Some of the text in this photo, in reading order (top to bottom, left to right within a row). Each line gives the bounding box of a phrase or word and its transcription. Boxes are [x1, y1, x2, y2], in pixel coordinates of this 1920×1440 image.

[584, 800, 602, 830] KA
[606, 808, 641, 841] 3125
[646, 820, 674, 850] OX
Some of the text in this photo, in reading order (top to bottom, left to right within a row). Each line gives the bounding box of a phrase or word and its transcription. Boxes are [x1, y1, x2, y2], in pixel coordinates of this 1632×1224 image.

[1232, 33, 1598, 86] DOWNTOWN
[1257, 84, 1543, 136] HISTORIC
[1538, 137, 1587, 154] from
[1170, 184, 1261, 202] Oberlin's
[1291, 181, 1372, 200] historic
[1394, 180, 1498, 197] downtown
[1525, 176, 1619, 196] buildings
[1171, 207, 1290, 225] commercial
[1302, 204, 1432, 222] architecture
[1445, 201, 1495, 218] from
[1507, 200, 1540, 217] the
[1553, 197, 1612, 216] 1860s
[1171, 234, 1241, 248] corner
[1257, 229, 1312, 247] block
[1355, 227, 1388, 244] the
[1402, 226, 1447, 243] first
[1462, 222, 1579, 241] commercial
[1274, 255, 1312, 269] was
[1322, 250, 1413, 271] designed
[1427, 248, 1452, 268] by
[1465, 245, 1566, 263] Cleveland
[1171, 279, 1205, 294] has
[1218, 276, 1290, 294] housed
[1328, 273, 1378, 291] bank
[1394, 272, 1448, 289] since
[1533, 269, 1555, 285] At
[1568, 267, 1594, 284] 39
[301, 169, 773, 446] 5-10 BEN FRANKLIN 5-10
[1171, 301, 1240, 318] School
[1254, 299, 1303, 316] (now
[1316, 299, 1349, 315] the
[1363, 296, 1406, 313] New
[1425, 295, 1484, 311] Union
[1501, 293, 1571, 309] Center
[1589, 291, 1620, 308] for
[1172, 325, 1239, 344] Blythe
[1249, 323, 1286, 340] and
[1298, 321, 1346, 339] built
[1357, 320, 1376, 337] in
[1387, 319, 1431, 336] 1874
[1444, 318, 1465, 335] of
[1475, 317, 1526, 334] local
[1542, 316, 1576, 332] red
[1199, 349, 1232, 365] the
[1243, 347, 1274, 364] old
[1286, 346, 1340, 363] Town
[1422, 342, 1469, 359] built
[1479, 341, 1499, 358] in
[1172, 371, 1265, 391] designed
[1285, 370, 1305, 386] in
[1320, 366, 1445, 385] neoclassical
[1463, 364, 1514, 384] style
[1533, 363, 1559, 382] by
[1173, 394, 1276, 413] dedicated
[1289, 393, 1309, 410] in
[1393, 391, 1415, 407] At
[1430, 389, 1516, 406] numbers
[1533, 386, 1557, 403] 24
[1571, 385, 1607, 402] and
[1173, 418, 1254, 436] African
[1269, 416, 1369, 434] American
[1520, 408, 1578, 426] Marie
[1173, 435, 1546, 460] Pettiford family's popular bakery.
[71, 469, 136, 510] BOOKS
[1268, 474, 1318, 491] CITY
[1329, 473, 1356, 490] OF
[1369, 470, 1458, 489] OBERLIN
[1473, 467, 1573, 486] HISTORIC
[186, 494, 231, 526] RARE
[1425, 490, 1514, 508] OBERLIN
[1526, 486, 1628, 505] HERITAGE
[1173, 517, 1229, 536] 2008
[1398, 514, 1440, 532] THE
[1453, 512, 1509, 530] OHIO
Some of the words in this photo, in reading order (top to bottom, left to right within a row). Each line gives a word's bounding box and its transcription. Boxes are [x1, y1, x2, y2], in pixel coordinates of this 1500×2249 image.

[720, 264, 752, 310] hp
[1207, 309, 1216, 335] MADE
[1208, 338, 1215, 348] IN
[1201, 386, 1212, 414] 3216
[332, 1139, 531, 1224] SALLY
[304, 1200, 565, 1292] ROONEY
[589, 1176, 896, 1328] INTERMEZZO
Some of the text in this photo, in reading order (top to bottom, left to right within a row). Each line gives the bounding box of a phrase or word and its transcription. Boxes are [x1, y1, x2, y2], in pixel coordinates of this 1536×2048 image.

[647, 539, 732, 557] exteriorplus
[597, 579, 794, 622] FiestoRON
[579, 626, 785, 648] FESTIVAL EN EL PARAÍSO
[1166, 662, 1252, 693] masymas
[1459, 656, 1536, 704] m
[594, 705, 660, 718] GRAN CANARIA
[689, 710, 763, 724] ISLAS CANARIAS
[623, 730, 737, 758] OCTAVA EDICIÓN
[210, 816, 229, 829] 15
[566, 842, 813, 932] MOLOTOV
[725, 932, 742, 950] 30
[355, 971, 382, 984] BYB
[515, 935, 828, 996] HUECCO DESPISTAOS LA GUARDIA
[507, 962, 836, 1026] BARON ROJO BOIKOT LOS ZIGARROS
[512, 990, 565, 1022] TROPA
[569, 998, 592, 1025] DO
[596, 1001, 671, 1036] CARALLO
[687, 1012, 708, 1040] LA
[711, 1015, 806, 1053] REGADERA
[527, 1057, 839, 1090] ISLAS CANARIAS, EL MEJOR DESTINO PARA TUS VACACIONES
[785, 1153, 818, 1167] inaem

■ ■ ■ ■ ■

**What is expected**
Repeat the data verbatim.

**Response below**
Some of the text in this photo, in reading order (top to bottom, left to right within a row). Each line gives the bounding box of a phrase or word and its transcription. Boxes are [x1, y1, x2, y2], in pixel coordinates of this 1920×1440 image.

[584, 800, 602, 830] KA
[606, 808, 641, 841] 3125
[646, 820, 674, 850] OX
Some of the text in this photo, in reading order (top to bottom, left to right within a row). Each line gives the bounding box of a phrase or word and its transcription. Boxes are [x1, y1, x2, y2], in pixel coordinates of this 1632×1224 image.

[1232, 33, 1598, 86] DOWNTOWN
[1257, 84, 1543, 136] HISTORIC
[1538, 137, 1587, 154] from
[1170, 184, 1261, 202] Oberlin's
[1291, 181, 1372, 200] historic
[1394, 180, 1498, 197] downtown
[1525, 176, 1619, 196] buildings
[1171, 207, 1290, 225] commercial
[1302, 204, 1432, 222] architecture
[1445, 201, 1495, 218] from
[1507, 200, 1540, 217] the
[1553, 197, 1612, 216] 1860s
[1171, 234, 1241, 248] corner
[1257, 229, 1312, 247] block
[1355, 227, 1388, 244] the
[1402, 226, 1447, 243] first
[1462, 222, 1579, 241] commercial
[1274, 255, 1312, 269] was
[1322, 250, 1413, 271] designed
[1427, 248, 1452, 268] by
[1465, 245, 1566, 263] Cleveland
[1171, 279, 1205, 294] has
[1218, 276, 1290, 294] housed
[1328, 273, 1378, 291] bank
[1394, 272, 1448, 289] since
[1533, 269, 1555, 285] At
[1568, 267, 1594, 284] 39
[301, 169, 773, 446] 5-10 BEN FRANKLIN 5-10
[1171, 301, 1240, 318] School
[1254, 299, 1303, 316] (now
[1316, 299, 1349, 315] the
[1363, 296, 1406, 313] New
[1425, 295, 1484, 311] Union
[1501, 293, 1571, 309] Center
[1589, 291, 1620, 308] for
[1172, 325, 1239, 344] Blythe
[1249, 323, 1286, 340] and
[1298, 321, 1346, 339] built
[1357, 320, 1376, 337] in
[1387, 319, 1431, 336] 1874
[1444, 318, 1465, 335] of
[1475, 317, 1526, 334] local
[1542, 316, 1576, 332] red
[1199, 349, 1232, 365] the
[1243, 347, 1274, 364] old
[1286, 346, 1340, 363] Town
[1422, 342, 1469, 359] built
[1479, 341, 1499, 358] in
[1172, 371, 1265, 391] designed
[1285, 370, 1305, 386] in
[1320, 366, 1445, 385] neoclassical
[1463, 364, 1514, 384] style
[1533, 363, 1559, 382] by
[1173, 394, 1276, 413] dedicated
[1289, 393, 1309, 410] in
[1393, 391, 1415, 407] At
[1430, 389, 1516, 406] numbers
[1533, 386, 1557, 403] 24
[1571, 385, 1607, 402] and
[1173, 418, 1254, 436] African
[1269, 416, 1369, 434] American
[1520, 408, 1578, 426] Marie
[1173, 435, 1546, 460] Pettiford family's popular bakery.
[71, 469, 136, 510] BOOKS
[1268, 474, 1318, 491] CITY
[1329, 473, 1356, 490] OF
[1369, 470, 1458, 489] OBERLIN
[1473, 467, 1573, 486] HISTORIC
[186, 494, 231, 526] RARE
[1425, 490, 1514, 508] OBERLIN
[1526, 486, 1628, 505] HERITAGE
[1173, 517, 1229, 536] 2008
[1398, 514, 1440, 532] THE
[1453, 512, 1509, 530] OHIO
Some of the words in this photo, in reading order (top to bottom, left to right within a row). Each line gives a word's bounding box and its transcription. Boxes are [x1, y1, x2, y2], in pixel coordinates of this 1500×2249 image.

[720, 264, 752, 310] hp
[1207, 309, 1216, 335] MADE
[1208, 338, 1215, 348] IN
[1201, 386, 1212, 414] 3216
[332, 1139, 531, 1224] SALLY
[304, 1200, 565, 1292] ROONEY
[589, 1176, 896, 1328] INTERMEZZO
Some of the text in this photo, in reading order (top to bottom, left to right within a row). Each line gives the bounding box of a phrase or word and its transcription. Boxes are [x1, y1, x2, y2], in pixel coordinates of this 1536×2048 image.

[647, 539, 732, 557] exteriorplus
[597, 579, 794, 622] FiestoRON
[579, 626, 785, 648] FESTIVAL EN EL PARAÍSO
[1166, 662, 1252, 693] masymas
[1459, 656, 1536, 704] m
[594, 705, 660, 718] GRAN CANARIA
[689, 710, 763, 724] ISLAS CANARIAS
[623, 730, 737, 758] OCTAVA EDICIÓN
[210, 816, 229, 829] 15
[566, 842, 813, 932] MOLOTOV
[725, 932, 742, 950] 30
[355, 971, 382, 984] BYB
[515, 935, 828, 996] HUECCO DESPISTAOS LA GUARDIA
[507, 962, 836, 1026] BARON ROJO BOIKOT LOS ZIGARROS
[512, 990, 565, 1022] TROPA
[569, 998, 592, 1025] DO
[596, 1001, 671, 1036] CARALLO
[687, 1012, 708, 1040] LA
[711, 1015, 806, 1053] REGADERA
[527, 1057, 839, 1090] ISLAS CANARIAS, EL MEJOR DESTINO PARA TUS VACACIONES
[785, 1153, 818, 1167] inaem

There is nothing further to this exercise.